Market Data
Emas
Indeks Saham
Kurs Rupiah
Jual Rp0
Beli Rp0
IHSG ...
LQ45 ...
Srikehati
JII ...

Kampanyekan Gerakan Slow Fashion Sekaligus Berdayakan Pekerja Informal dan UKM untuk Masa Depan yang Berkelanjutan

Iwan Supriyatna

Rabu, 19 Oktober 2022 | 06:39 WIB
Kampanyekan Gerakan Slow Fashion Sekaligus Berdayakan Pekerja Informal dan UKM untuk Masa Depan yang Berkelanjutan
Ilustrasi Batik Lokal.

Suara.com - Hampir tiga tahun, pandemi Covid-19 melanda dunia, wabah mematikan yang menghantam hampir semua sektor perekonomian, dari skala besar hingga kecil ke mikro.

Direktur Pelaksana Pengembangan Kebijakan dan Kemitraan Bank Dunia Mari Elka Pangestu memaparkan, pekerja yang paling terdampak pandemi banyak berasal dari sektor jasa dan konstruksi.

Tak terkecuali, sektor informal seperti tekstil. Sekitar jutaan penjahit di Indonesia kehilangan pekerjaan hingga megapmegap memburu peluang di tengah situasi pandemi yang sulit demi bertahan hidup.

Senada dengan temuan Bank Dunia, Kementerian Perindustrian tahun 2020 pun mencatat, industri garmen mengalami penurunan jumlah produksi yang berimbas pada turunnya tingkat utilisasi industri garmen, dari 84,93 persen ke 65,00 persen.

Ini disebabkan kelangkaan dan mahalnya harga bahan baku, merosotnya jumlah permintaan, hingga kesulitan distribusi akibat pembatasan mobilitas, yang berujung pada terhentinya aktivitas industri. Akibatnya, Asosiasi Pertekstilan Indonesia melaporkan, sebanyak 1,8 juta tenaga kerja dari sektor tekstil dirumahkan dan di-PHK.

Sampai hari ini, sebagian besar UKM bahkan masih “tidur pulas” alias gulung tikar. Tak cuma di kotakota kecil, bahkan di kota-kota besar sekalipun kondisinya tak kalah suram.
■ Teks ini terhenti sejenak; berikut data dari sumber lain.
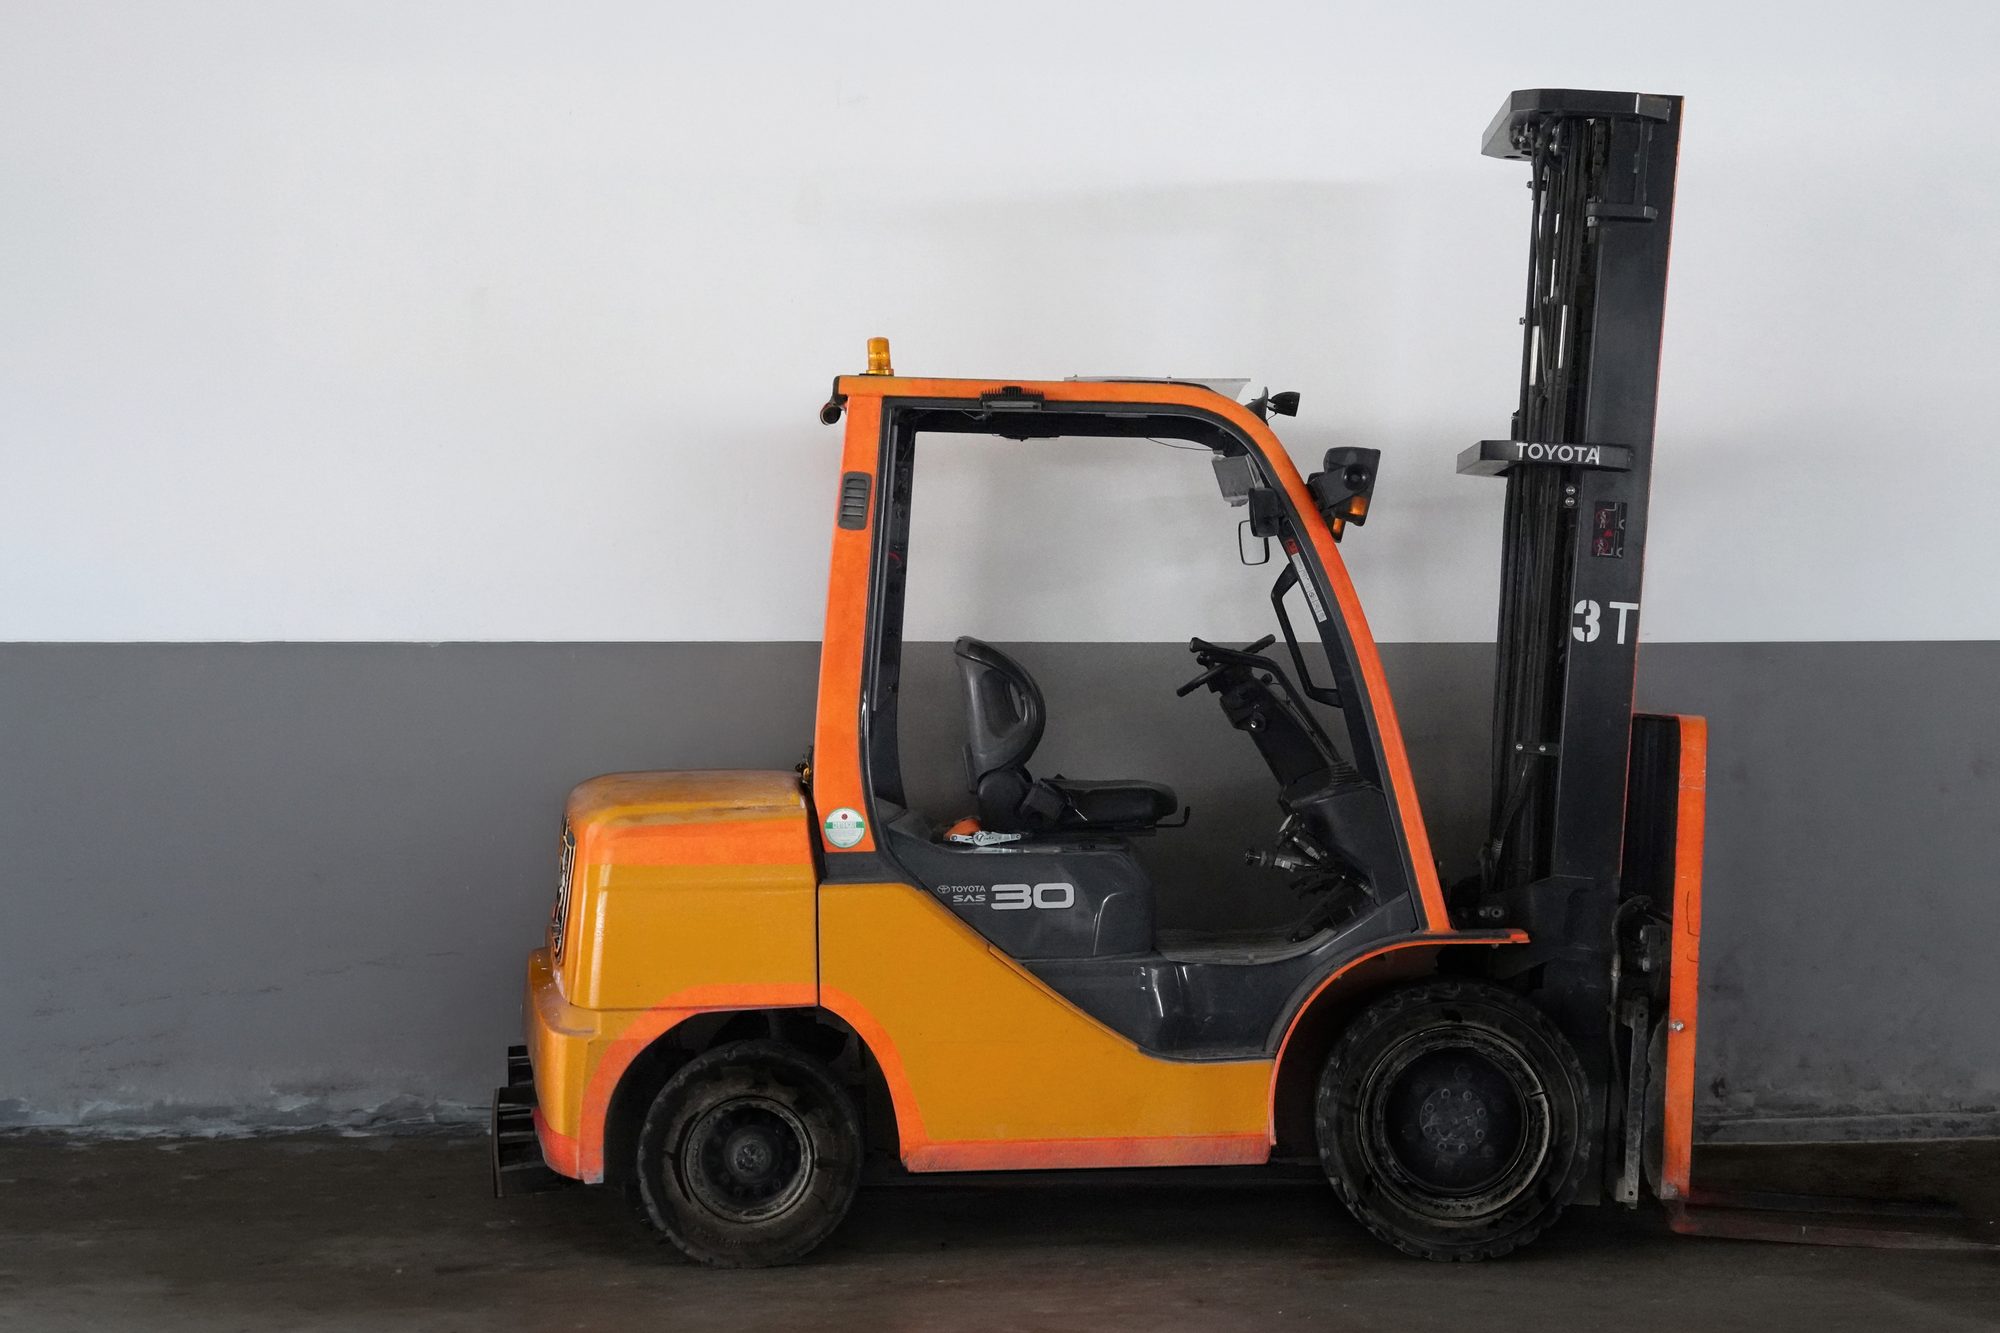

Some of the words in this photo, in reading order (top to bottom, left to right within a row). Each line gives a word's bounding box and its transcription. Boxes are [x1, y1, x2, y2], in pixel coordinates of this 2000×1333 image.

[1516, 442, 1601, 465] TOYOTA
[951, 885, 986, 893] TOYOTA
[990, 882, 1075, 910] 30
[953, 894, 986, 903] SAS
Sekelas Bali yang merupakan episentrum andalan Indonesia untuk wisatawan domestik dan mancanegara mencatat kehilangan potensi ekonomi hingga 90 persen.

"Situasi ini sangat memprihatinkan. Ini salah satu alasan kami menggagas Our Reworked World, yaitu gerakan untuk membantu para pekerja informal, khususnya para penjahit, serta UKM yang terimbas dan kehilangan pendapatan. Gerakan ini juga merupakan upaya kami dalam menggencarkan kampanye slow fashion yang bertujuan mengurangi limbah tekstil dan menyelamatkan bumi untuk masa depan yang berkelanjutan," tutur Annika Rachmat, Co-founder, Our Reworked World.
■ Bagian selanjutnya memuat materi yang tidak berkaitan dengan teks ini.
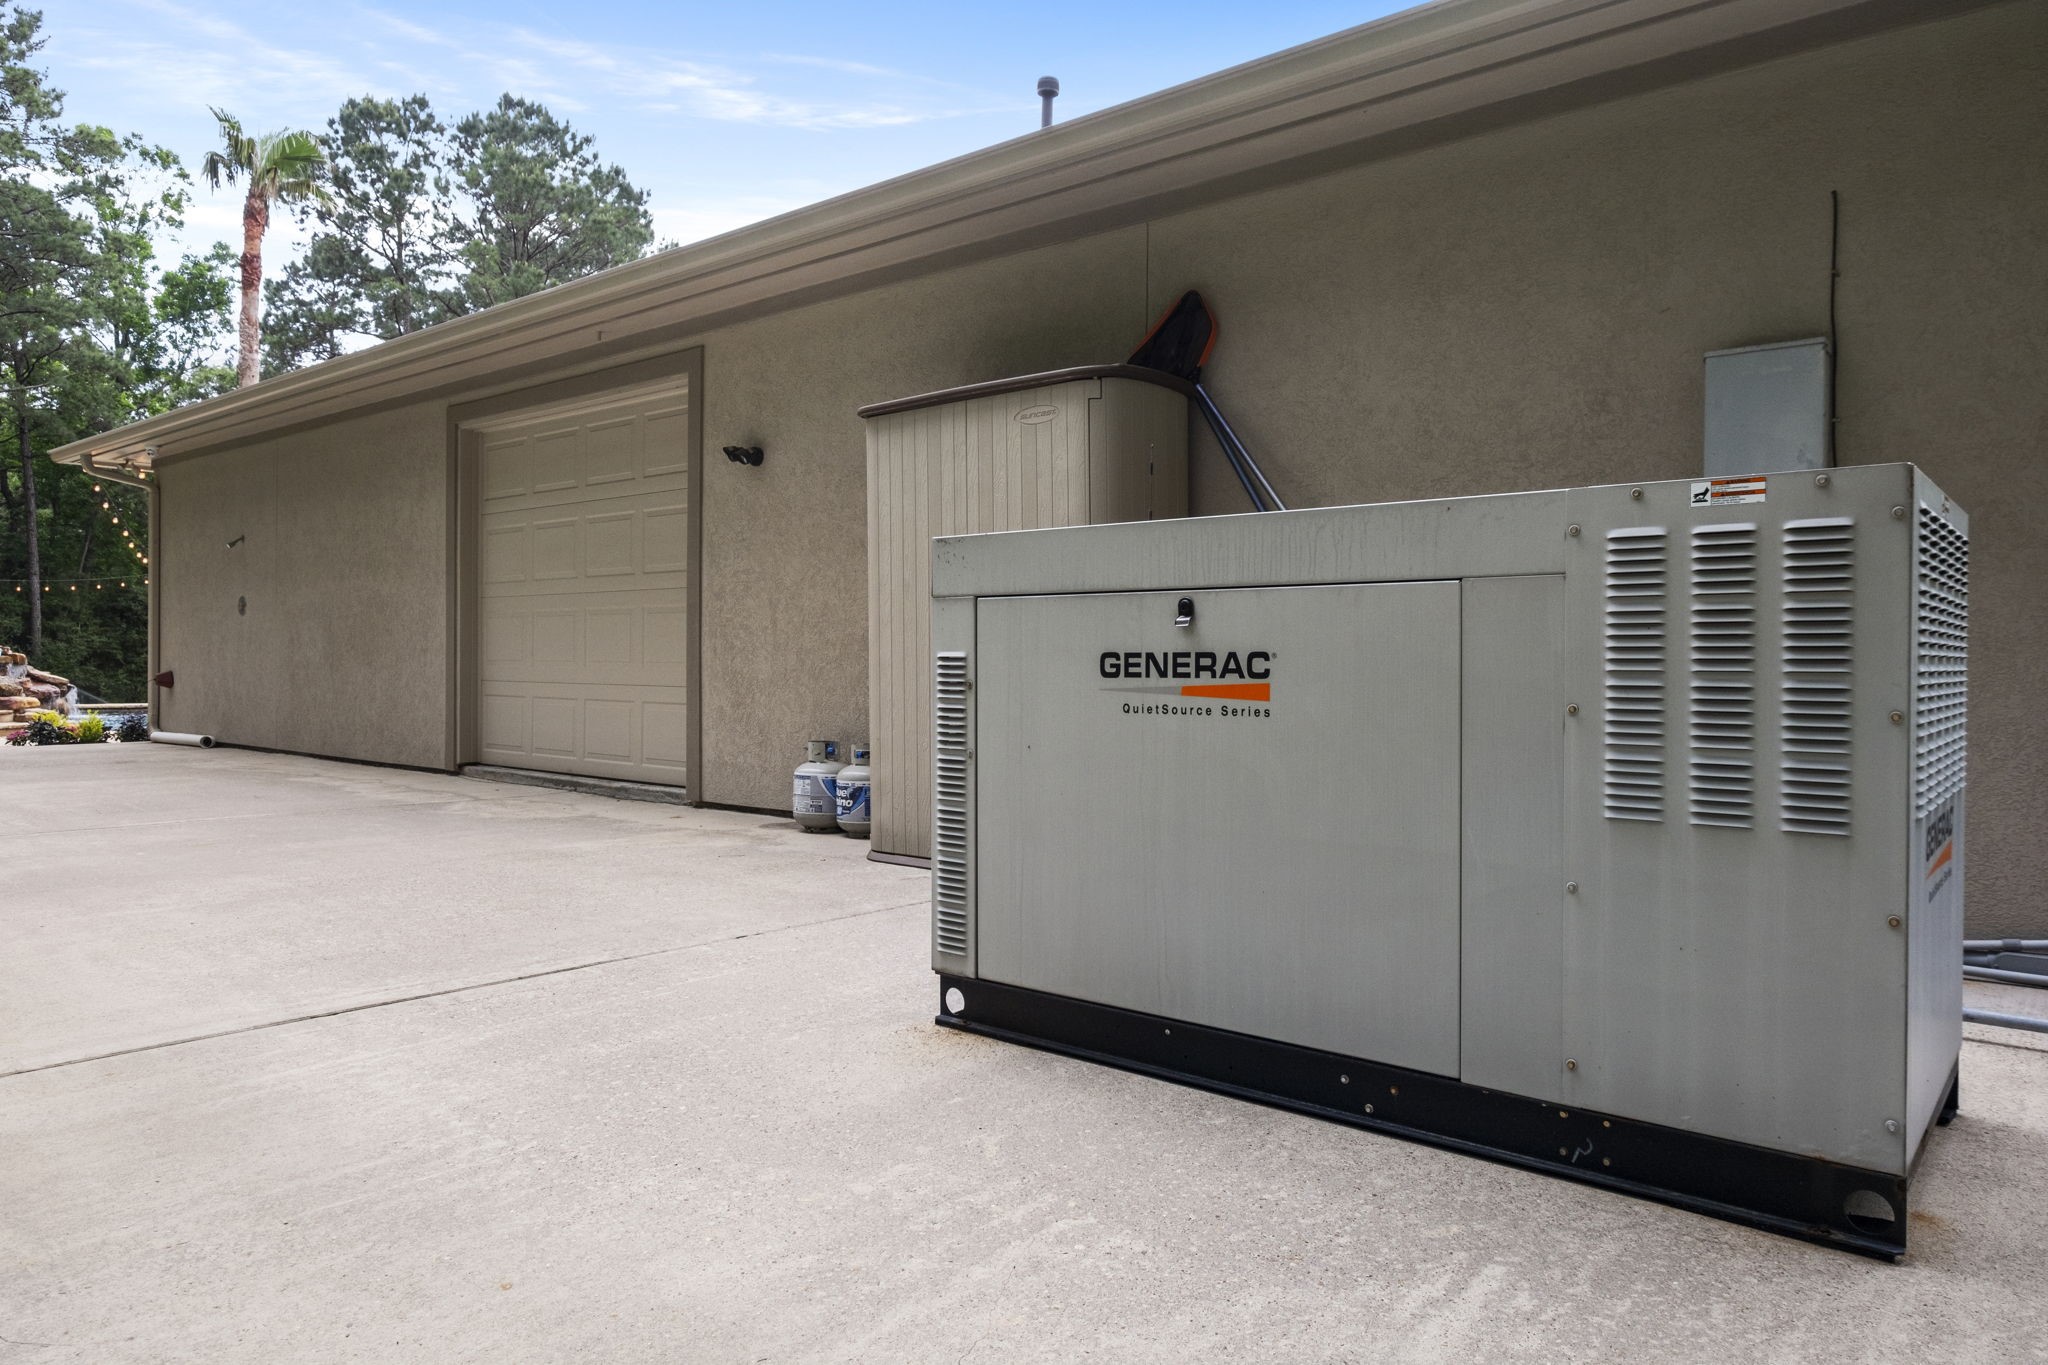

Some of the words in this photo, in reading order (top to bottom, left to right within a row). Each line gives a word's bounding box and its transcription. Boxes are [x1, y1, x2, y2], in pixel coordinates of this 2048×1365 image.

Sebagaimana diketahui, slow fashion merupakan antitesis dari fast fashion, yang mana lebih mengutamakan kualitas produk dan usia pemakaian yang lebih lama.

baca juga

Meski relatif lebih mahal, namun, secara etika dan kualitas produk, slow fashion jauh lebih unggul dan ramah lingkungan ketimbang fast fashion. Pasalnya, dalam beberapa laporan akhir-akhir ini, sejumlah isu sosial dan lingkungan akibat tren fast fashion mencuat di tingkat global dan kian mengkhawatirkan, termasuk masalah limbah tekstil, polusi udara karena pembakaran pakaian bekas, dan yang terburuk adalah, eksploitasi anak-anak menjadi pekerja berupah rendah.
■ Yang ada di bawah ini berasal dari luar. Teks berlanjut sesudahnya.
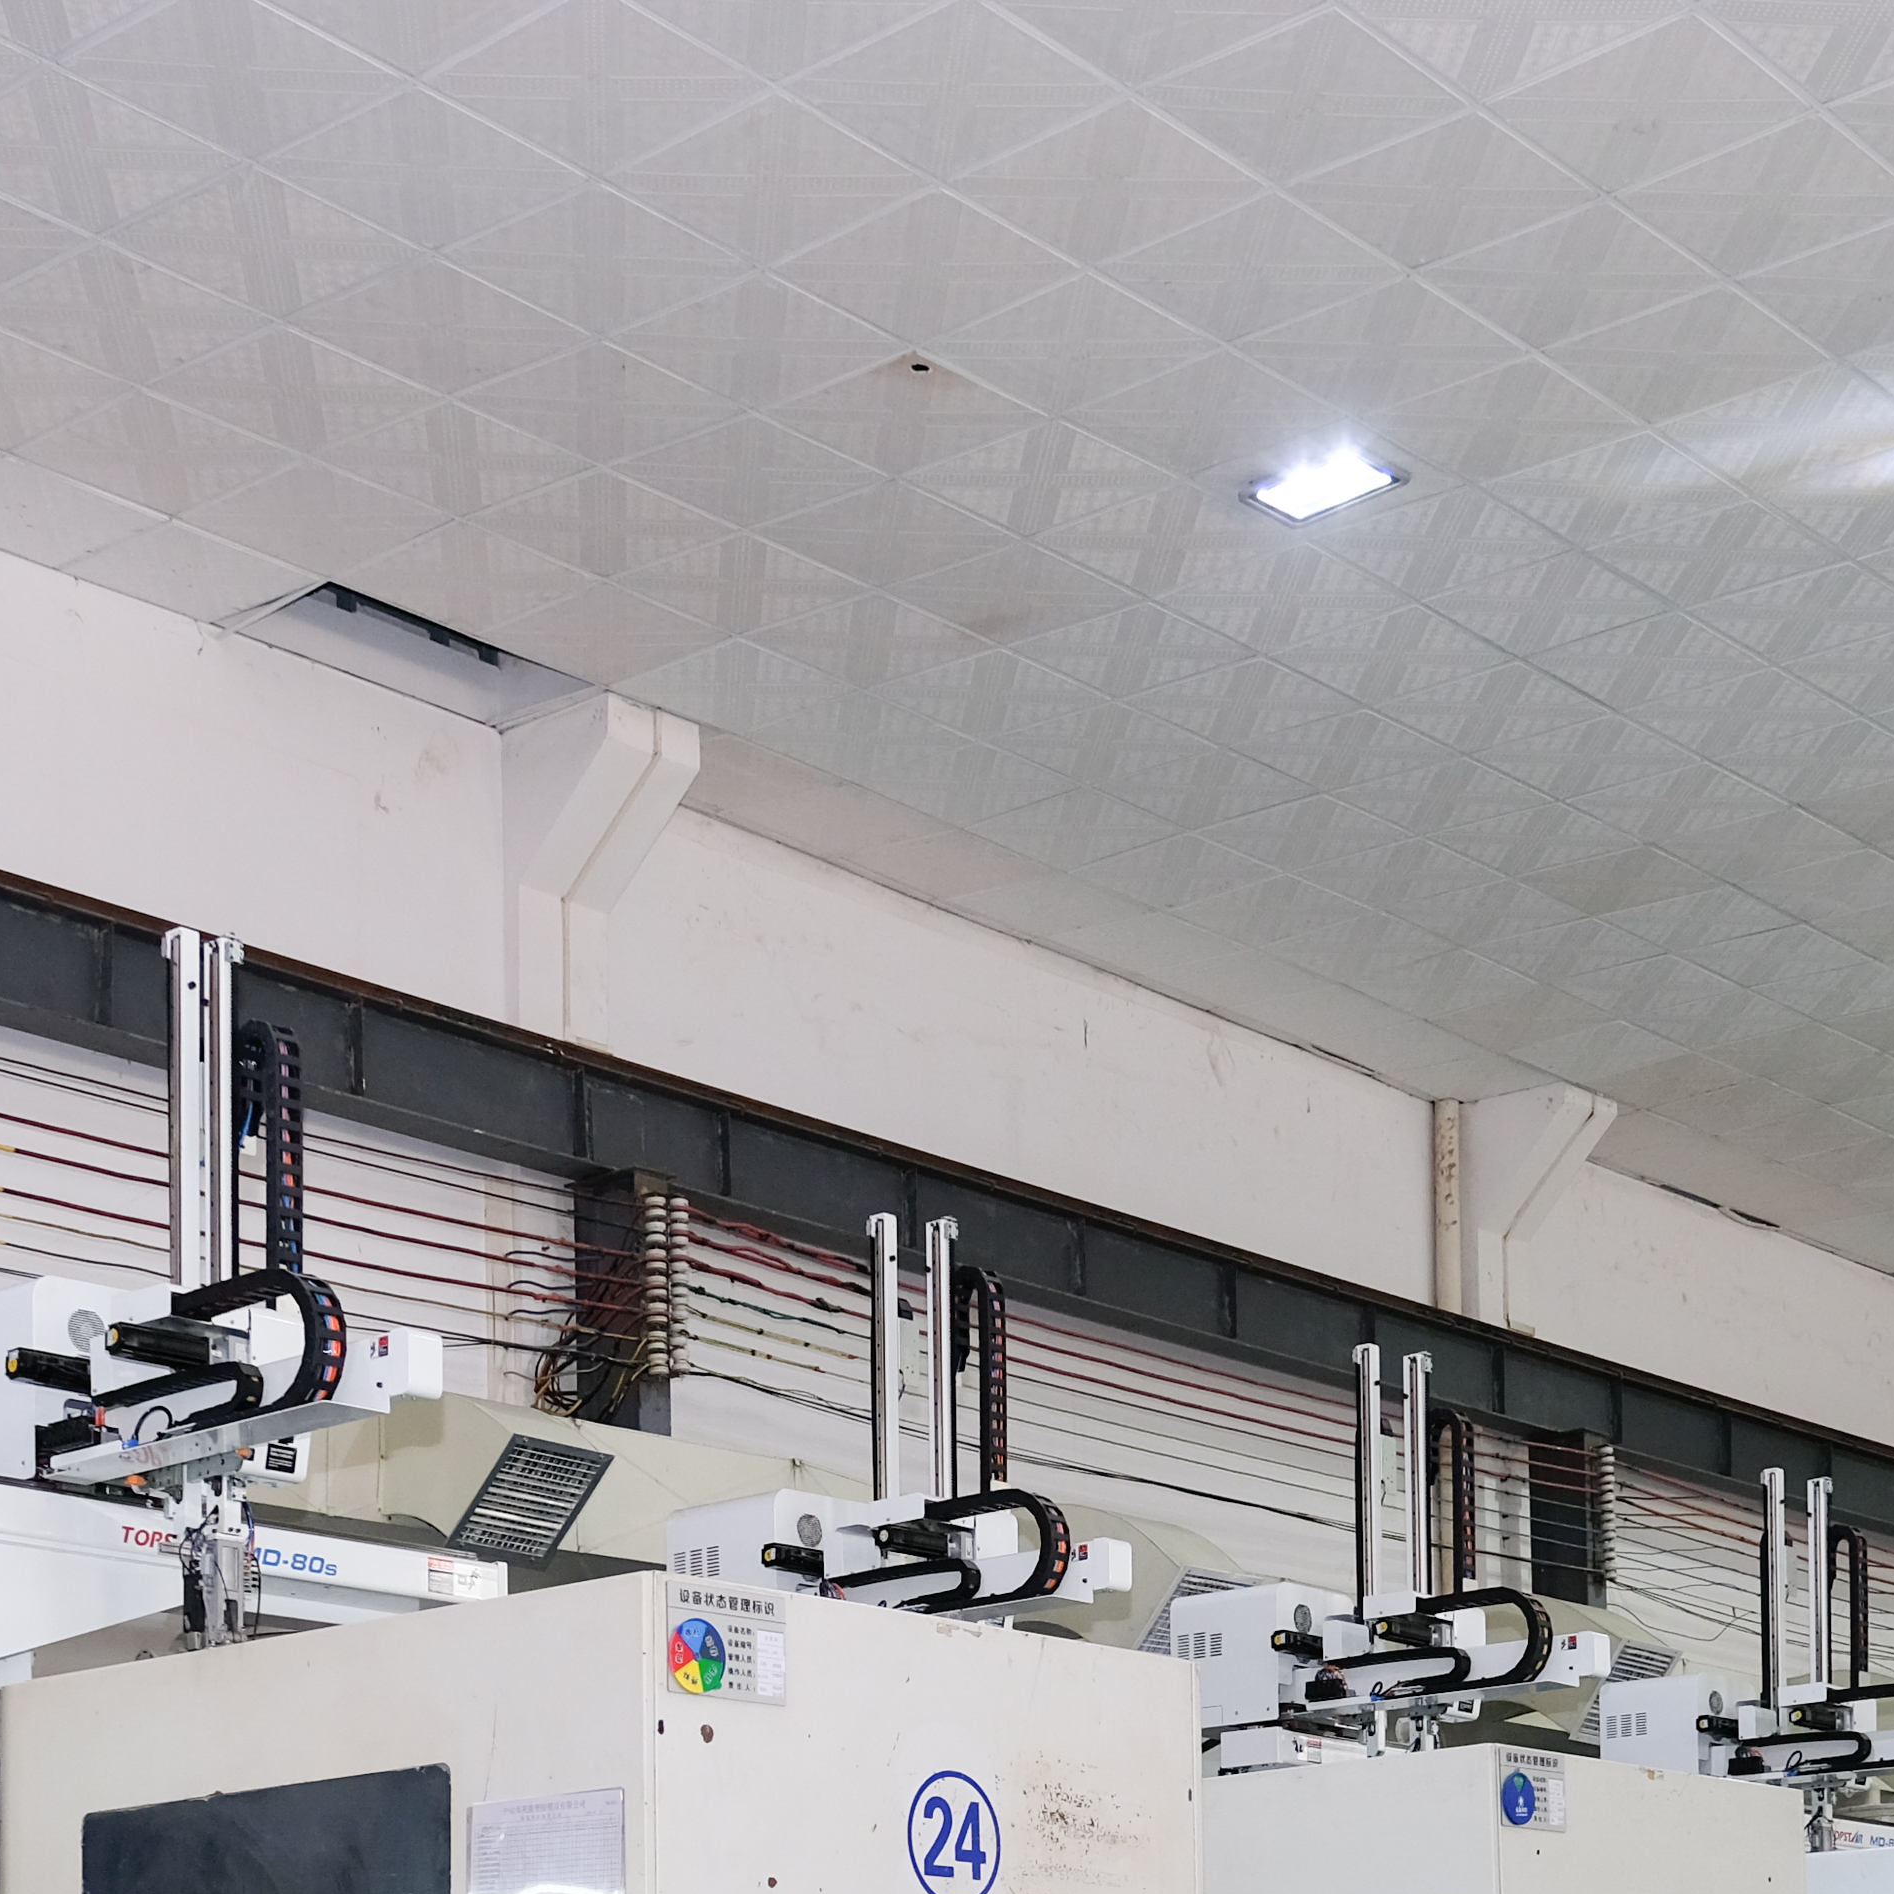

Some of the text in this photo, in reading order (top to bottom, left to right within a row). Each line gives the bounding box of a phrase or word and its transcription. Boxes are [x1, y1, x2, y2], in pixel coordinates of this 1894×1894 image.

[679, 1587, 775, 1617] 设备状态管理标识
[922, 1796, 987, 1881] 24
"Limbah tekstil adalah pencemar air kedua terburuk di dunia setelah limbah industri. Menurut data kami, dari total 200 miliar potong pakaian yang diproduksi setiap tahun, 85 persen di antaranya berakhir di tempat sampah," papar Annika.

"Tak terkecuali, Indonesia, yang juga membutuhkan perhatian lebih pada isu ini. Kami mencatat, dari sekitar 33 juta ton pakaian yang diproduksi, hampir satu juta di antaranya menjadi limbah tekstil tiap tahun."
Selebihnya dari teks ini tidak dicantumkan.